だから、こんな忌々しいものを手元に置いておかなければならない。
鷲巣は眉間に深く皺を刻み、部屋の片隅に放置してある巨大な水晶…正確には、”水晶で四肢と首を固定した青年”へと視線を投げた。

「………ァ、…」

玉座。
そこから立ち上がり、薄い唇を何度も開け閉めする青年の前へと移動する。

「……泣か…ないで、…、…で、ください…」

か細い声が漏れ、帝王は鋭く舌打ちした。
馬鹿な。あれが泣くタマか。
青年は躊躇して手も足も出せなかった”恋人からの己への攻撃”をあっさりと受け流し、微笑みを湛えたままに其れを八つ裂きにしてみせたというのに。
幾ら其れがダミーだと解ってはいても、中々、秒の、コンマの躊躇もなく出来ることではない。
だからアレは”鷲巣巌”を名乗れるのだ。
まったく異質でありながら同質でもあるアレに苛立ちを覚えていた鷲巣が沈黙していると、青年を拘束している水晶がピシピシと細かな亀裂を走らせていった。

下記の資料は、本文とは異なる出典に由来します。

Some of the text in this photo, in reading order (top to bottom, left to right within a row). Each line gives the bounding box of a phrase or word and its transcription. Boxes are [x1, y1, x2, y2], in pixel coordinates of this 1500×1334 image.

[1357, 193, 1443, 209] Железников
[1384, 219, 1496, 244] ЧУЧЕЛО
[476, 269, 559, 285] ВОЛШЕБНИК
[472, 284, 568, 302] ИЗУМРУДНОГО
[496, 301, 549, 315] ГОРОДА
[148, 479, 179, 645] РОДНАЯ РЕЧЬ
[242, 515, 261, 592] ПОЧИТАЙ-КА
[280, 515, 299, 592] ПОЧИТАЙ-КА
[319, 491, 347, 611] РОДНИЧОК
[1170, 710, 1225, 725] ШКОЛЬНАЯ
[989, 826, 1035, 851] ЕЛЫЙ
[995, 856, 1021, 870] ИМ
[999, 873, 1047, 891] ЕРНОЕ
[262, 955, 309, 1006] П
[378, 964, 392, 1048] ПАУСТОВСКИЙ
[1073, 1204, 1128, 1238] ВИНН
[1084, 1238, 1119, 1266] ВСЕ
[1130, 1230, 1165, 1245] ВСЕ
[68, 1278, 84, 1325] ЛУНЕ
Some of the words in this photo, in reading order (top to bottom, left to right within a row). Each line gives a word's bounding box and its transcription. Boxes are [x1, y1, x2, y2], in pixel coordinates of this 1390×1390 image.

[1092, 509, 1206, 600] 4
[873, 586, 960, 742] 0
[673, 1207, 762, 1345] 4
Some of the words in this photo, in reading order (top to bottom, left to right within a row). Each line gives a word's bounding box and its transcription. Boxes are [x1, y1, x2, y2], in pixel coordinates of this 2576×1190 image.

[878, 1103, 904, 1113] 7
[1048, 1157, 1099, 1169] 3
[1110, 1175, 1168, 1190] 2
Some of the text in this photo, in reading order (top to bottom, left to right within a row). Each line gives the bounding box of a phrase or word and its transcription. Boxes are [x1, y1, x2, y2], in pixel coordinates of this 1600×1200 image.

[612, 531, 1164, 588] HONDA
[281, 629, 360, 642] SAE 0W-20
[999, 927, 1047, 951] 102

「…”鷲巣”さん、…? なかないで…、あなたの傍に、………います、いき、ます、」

そうして此れも、だから”赤木しげる”の名を持つ、のか。
この強固な意志の根源にあるものは何なのか。
認めたくない鷲巣は、まったく忌々しいにも程があるが最も適切かつ単純な処置を、今日も施すことになる。

ため息をひとつ、ついてから。

「……アカギ…、…………”くん”」

指先で、頬に触れる。

ほんのわずかな感触だろうに、それだけで”アカギ”は泣き出しそうな笑みを浮かべる。

「”鷲巣”さん」

「……此処に居る。赤木しげるの下に、この鷲巣巌は存在しておる。…何処にもいかん、わ…たしは、赤木しげるだけのもの…だ」

「……… ……」

暫くは目を開いていた青年も、鷲巣が黙って己の眼前に立ち続けていたのに安堵したのか、ゆるゆると瞼は下がっていった。
同時に、亀裂が入っていた水晶が修復していく。

すぐさま鷲巣は青年へと背を向けた。
青年は青年であり、あの狂人ではないのは十二分に承知してはいる。いるが、それが問題なのでは、ない。

鷲巣巌の真実がひとつであるように、赤木しげるの真実もまたひとつ。

「……アカギ」




だから己は、あれに打ち勝ち滅ぼし、屍を踏みにじり往かねばならない。